Читать «Стален» онлайн - страница 157

Юрий Васильевич Буйда

Как только я увидел эти мощные античные ноги, этот римский профиль, эту бородку – маленький полумесяц, подчеркивающий волевой подбородок, я сразу понял, что передо мной Опунций.

Он принес два текста. Один принадлежал Саше Комму, другой – ему, и он просил опубликовать их рядом, в одном номере.

Что-то в выражении моего лица насторожило Булгарина. Он предложил Опунцию сесть, кинул на мой стол его текст, а сам взялся за Сашин.

Я закурил и стал читать.

«Александр Солженицын написал «Ту весну», и я думаю, что это единственно значимое в «Архипелаге…». Когда я впервые прочел его, сразу почувствовал: в этой главе фронтовой офицер кидается в пропасть без страховки.

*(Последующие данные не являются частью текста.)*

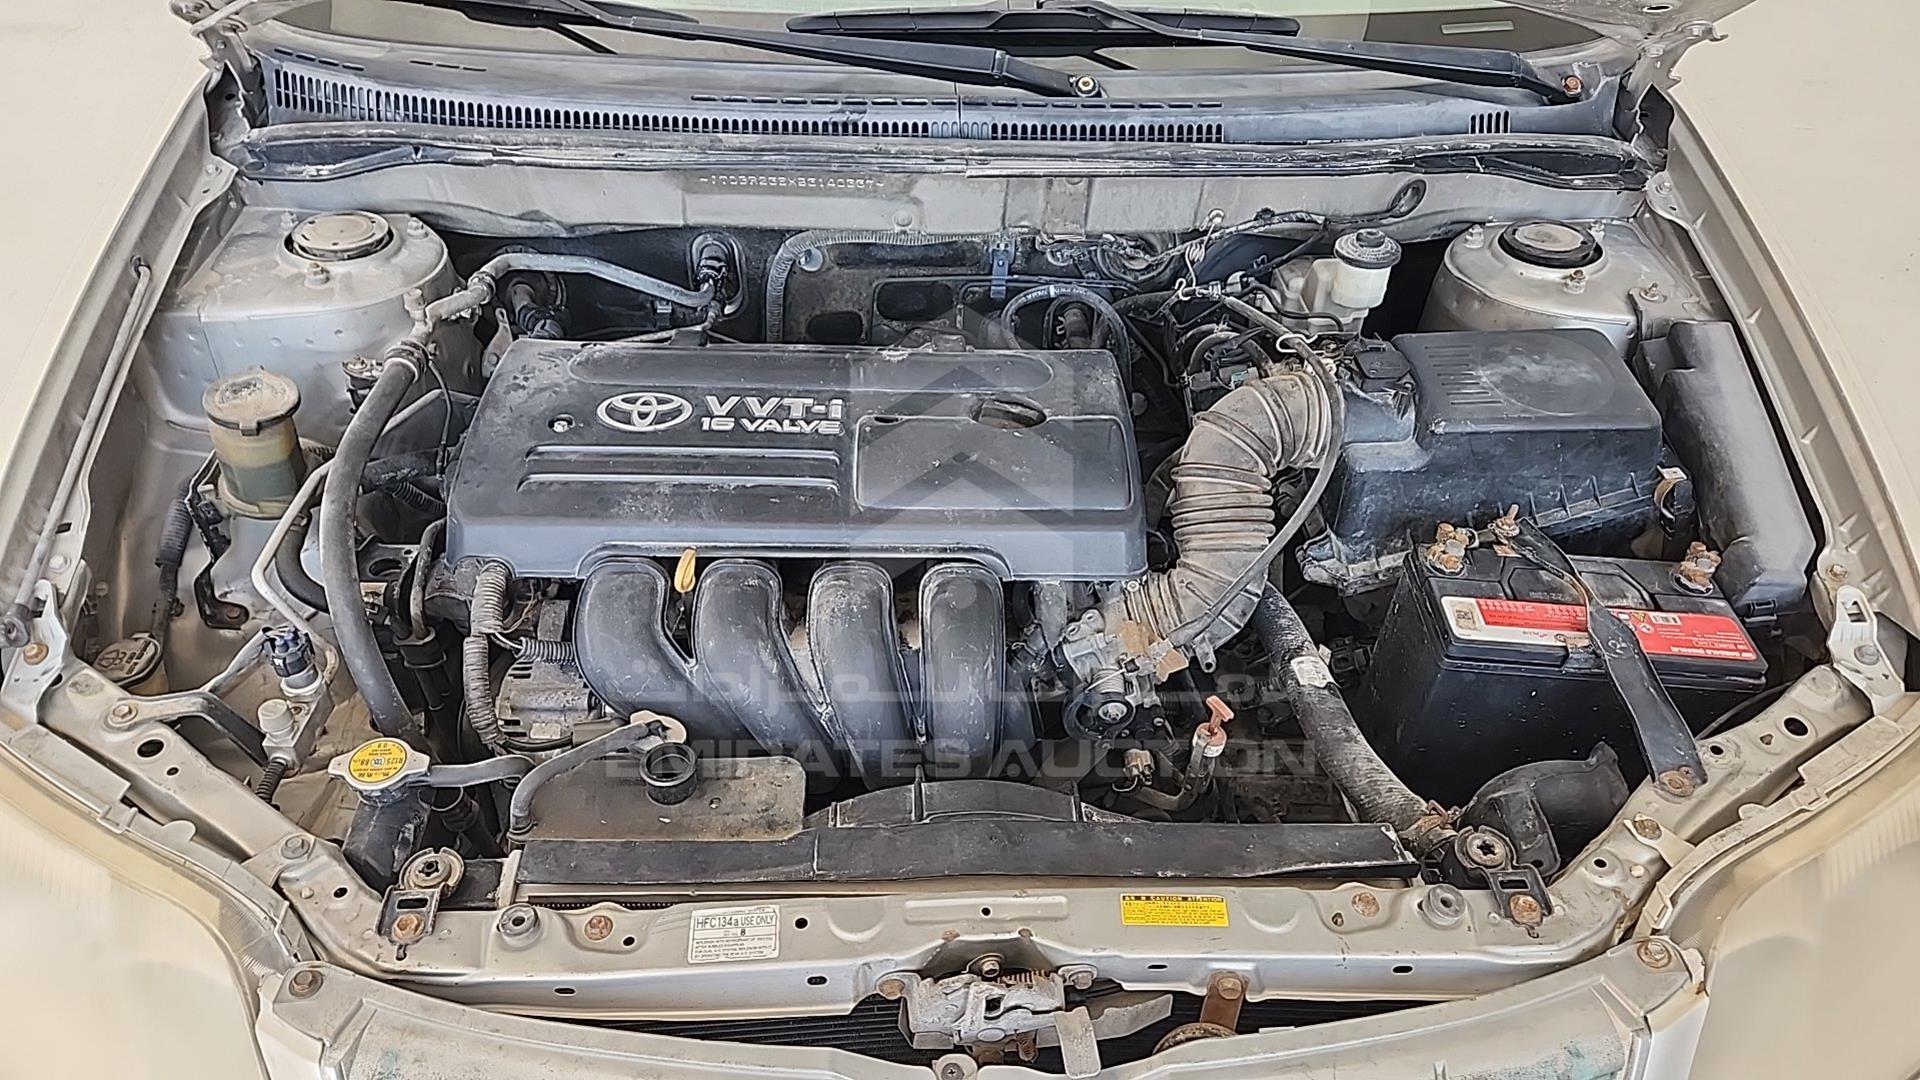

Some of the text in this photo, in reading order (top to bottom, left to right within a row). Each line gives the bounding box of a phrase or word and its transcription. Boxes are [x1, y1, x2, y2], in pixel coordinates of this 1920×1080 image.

Благословенны не победы в войнах, а поражения в них! Победы нужны правительствам, поражения нужны – народу. После побед хочется еще побед, после поражения хочется свободы – и обычно ее добиваются. Полтавская победа была несчастьем для России: она потянула за собой два столетия великих напряжений, разорений, несвободы – и новых, и новых войн. Полтавское поражение было спасительно для шведов: потеряв охоту воевать, шведы стали самым процветающим и свободным народом в Европе. Мы настолько привыкли гордиться нашей победой над Наполеоном, что упускаем: именно благодаря ей освобождение крестьян не произошло на полстолетия раньше; именно благодаря ей укрепившийся трон разбил декабристов. А Крымская война, а японская, а германская – все приносили нам свободы и революции. А тупым переползом жирного короткого пальца Великий Стратег переправил через Керченский пролив в декабре 41-го года – бессмысленно, для одного эффектного новогоднего сообщения – сто двадцать тысяч наших ребят – едва ли не столько, сколько было всего русских под Бородином – и всех без боя отдал немцам. И все-таки почему-то не он – изменник, а – они.

Что русские против нас вправду есть и что они бьются круче всяких эсэсовцев, мы отведали вскоре. В июле 1943 года под Орлом взвод русских в немецкой форме защищал, например, Собакинские Выселки. Они бились с таким отчаянием, будто эти Выселки построили сами.

Эта война вообще нам открыла, что хуже всего на земле быть русским.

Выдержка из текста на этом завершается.